== REQUIRED ACTION ==
Write out the full listing exactly as given, minus the images.

== EXTRACTED DATA ==

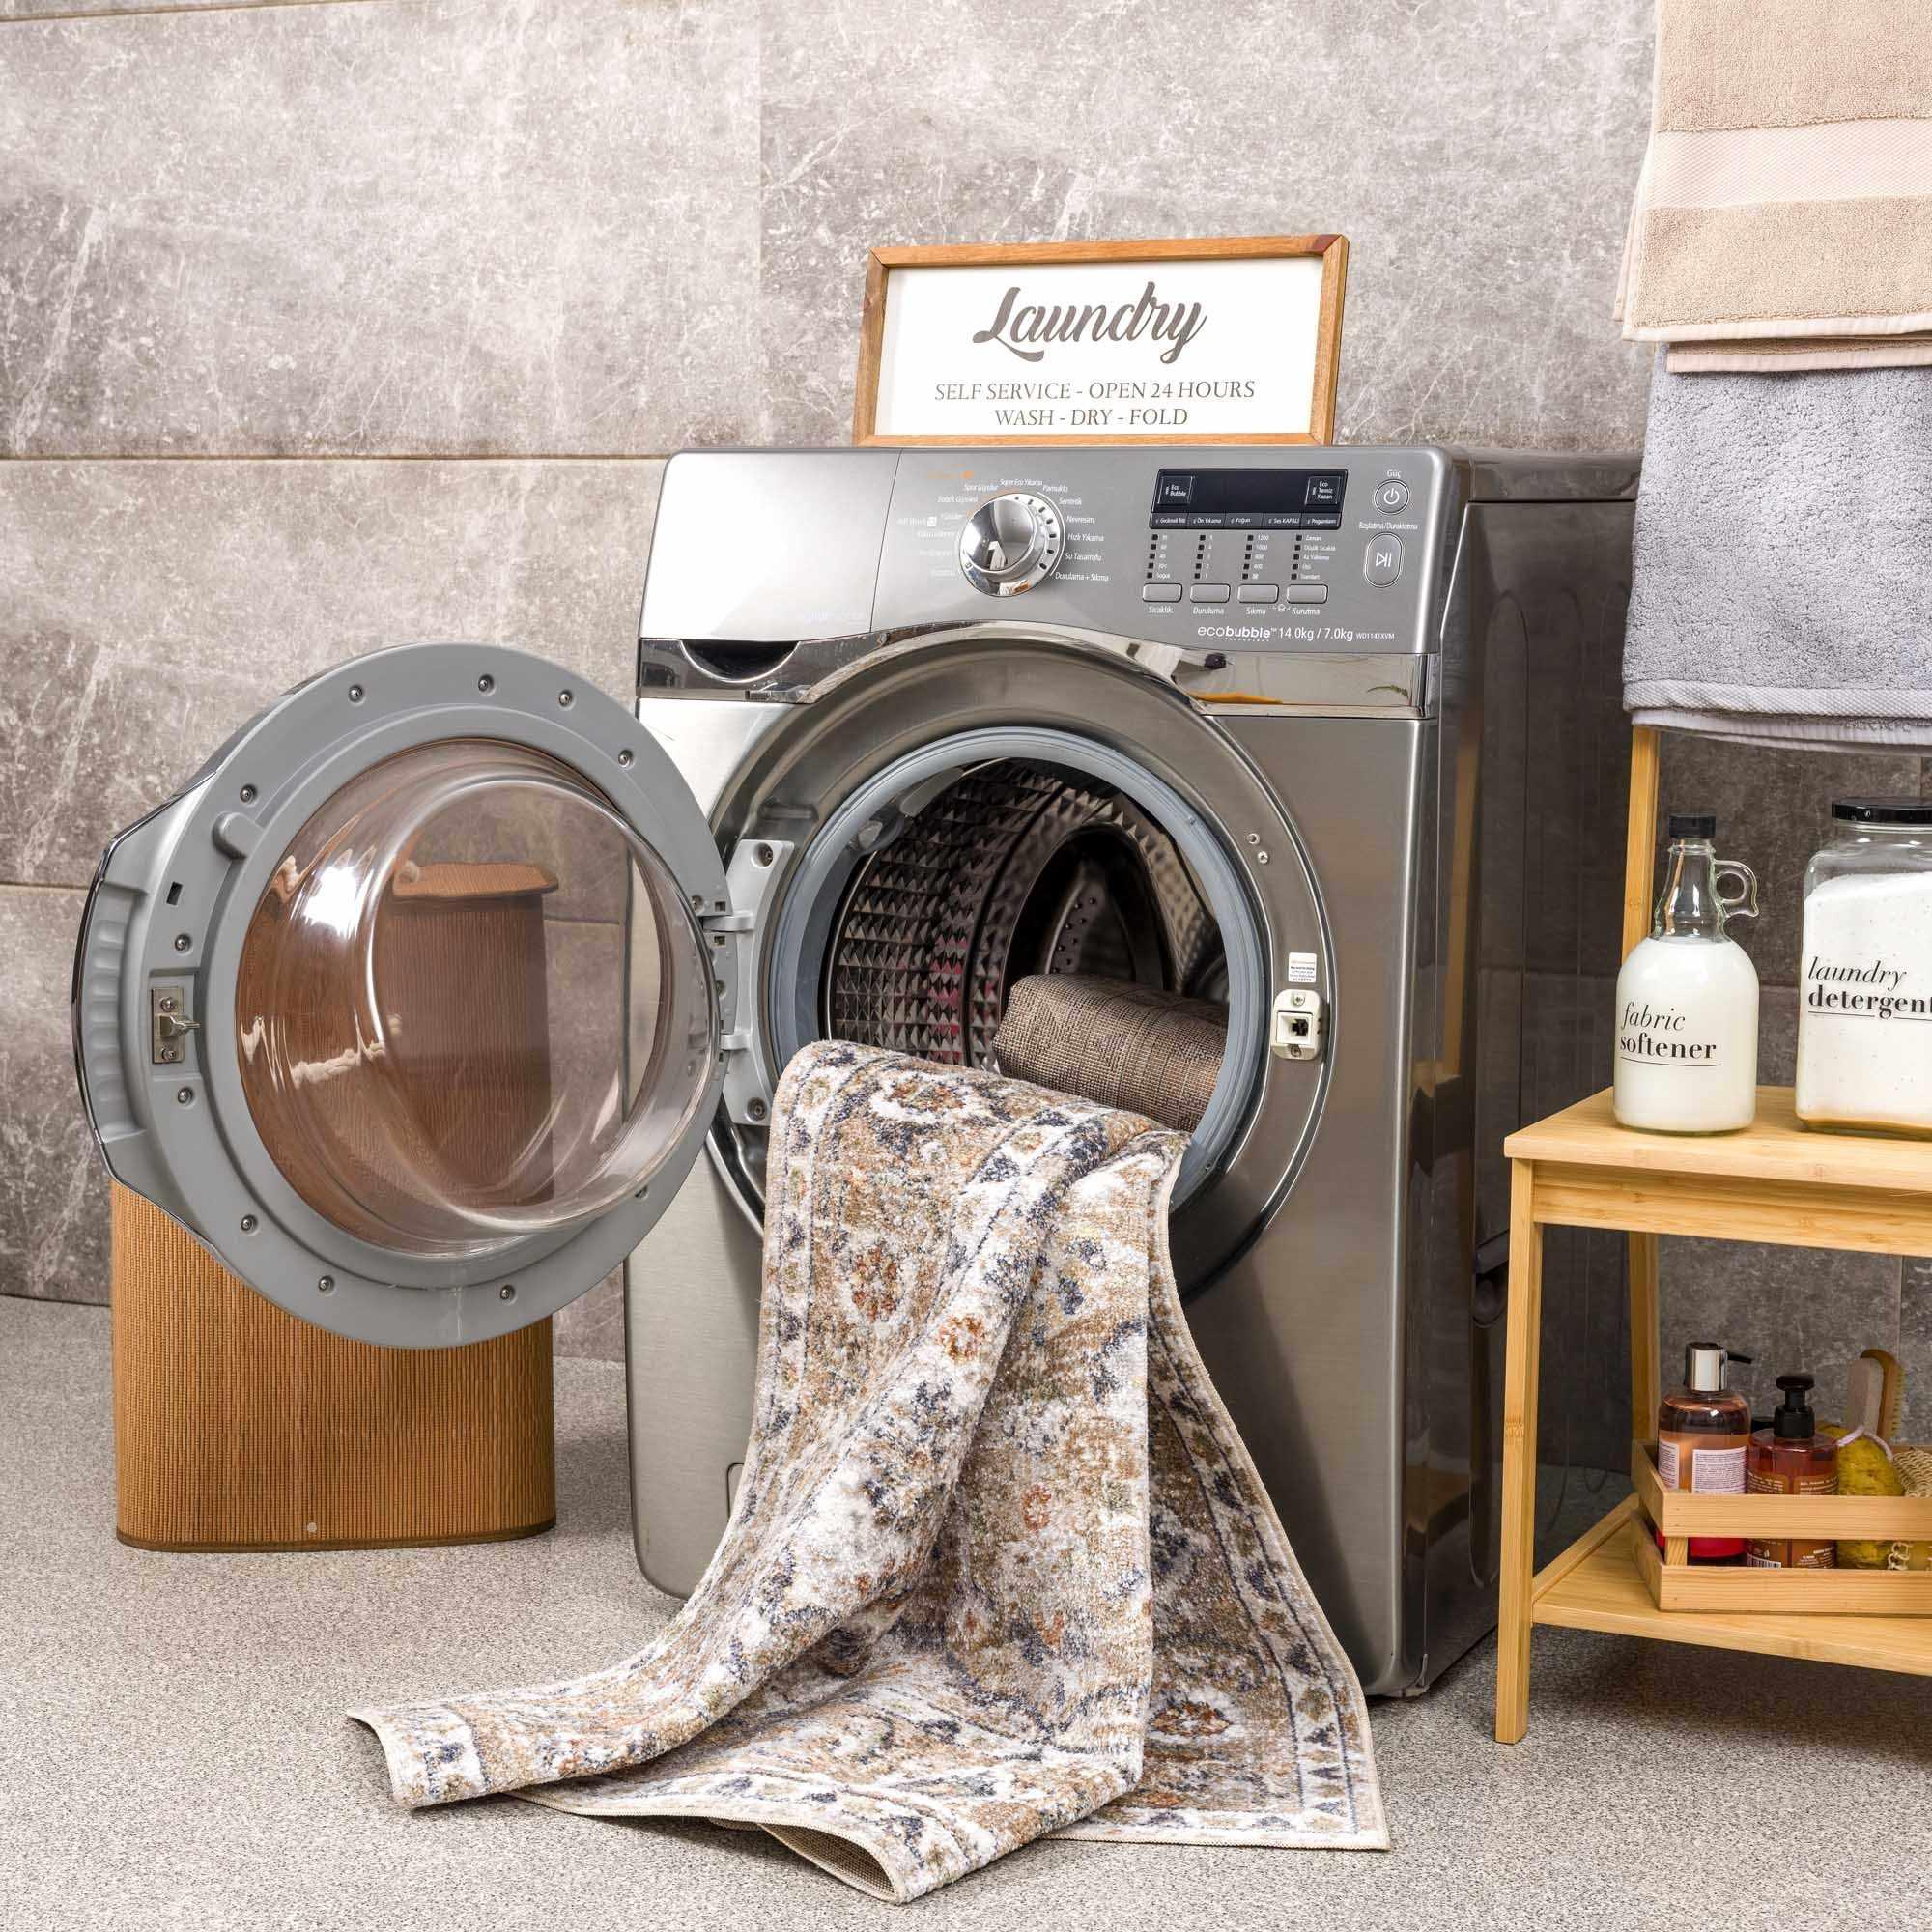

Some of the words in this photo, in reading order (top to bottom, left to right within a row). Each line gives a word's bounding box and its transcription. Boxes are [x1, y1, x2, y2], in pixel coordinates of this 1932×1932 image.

[972, 281, 1208, 364] Laundry
[934, 383, 982, 401] SELF
[985, 382, 1071, 400] SERVICE
[1089, 382, 1146, 399] OPEN
[1151, 382, 1174, 399] 24
[1179, 380, 1255, 399] HOURS
[994, 410, 1053, 426] WASH
[1070, 409, 1112, 426] DRY
[1129, 408, 1188, 425] FOLD
[1278, 627, 1314, 641] 14.0kg
[1325, 628, 1353, 642] 7.0kg
[1807, 956, 1907, 992] laundry
[1620, 1001, 1686, 1031] fabric
[1619, 1033, 1717, 1060] softener

== ANSWER TO THIS PROBLEM ==
Some of the words in this photo, in reading order (top to bottom, left to right within a row). Each line gives a word's bounding box and its transcription. Boxes are [x1, y1, x2, y2], in pixel coordinates of this 1932×1932 image.

[972, 281, 1208, 364] Laundry
[934, 383, 982, 401] SELF
[985, 382, 1071, 400] SERVICE
[1089, 382, 1146, 399] OPEN
[1151, 382, 1174, 399] 24
[1179, 380, 1255, 399] HOURS
[994, 410, 1053, 426] WASH
[1070, 409, 1112, 426] DRY
[1129, 408, 1188, 425] FOLD
[1278, 627, 1314, 641] 14.0kg
[1325, 628, 1353, 642] 7.0kg
[1807, 956, 1907, 992] laundry
[1620, 1001, 1686, 1031] fabric
[1619, 1033, 1717, 1060] softener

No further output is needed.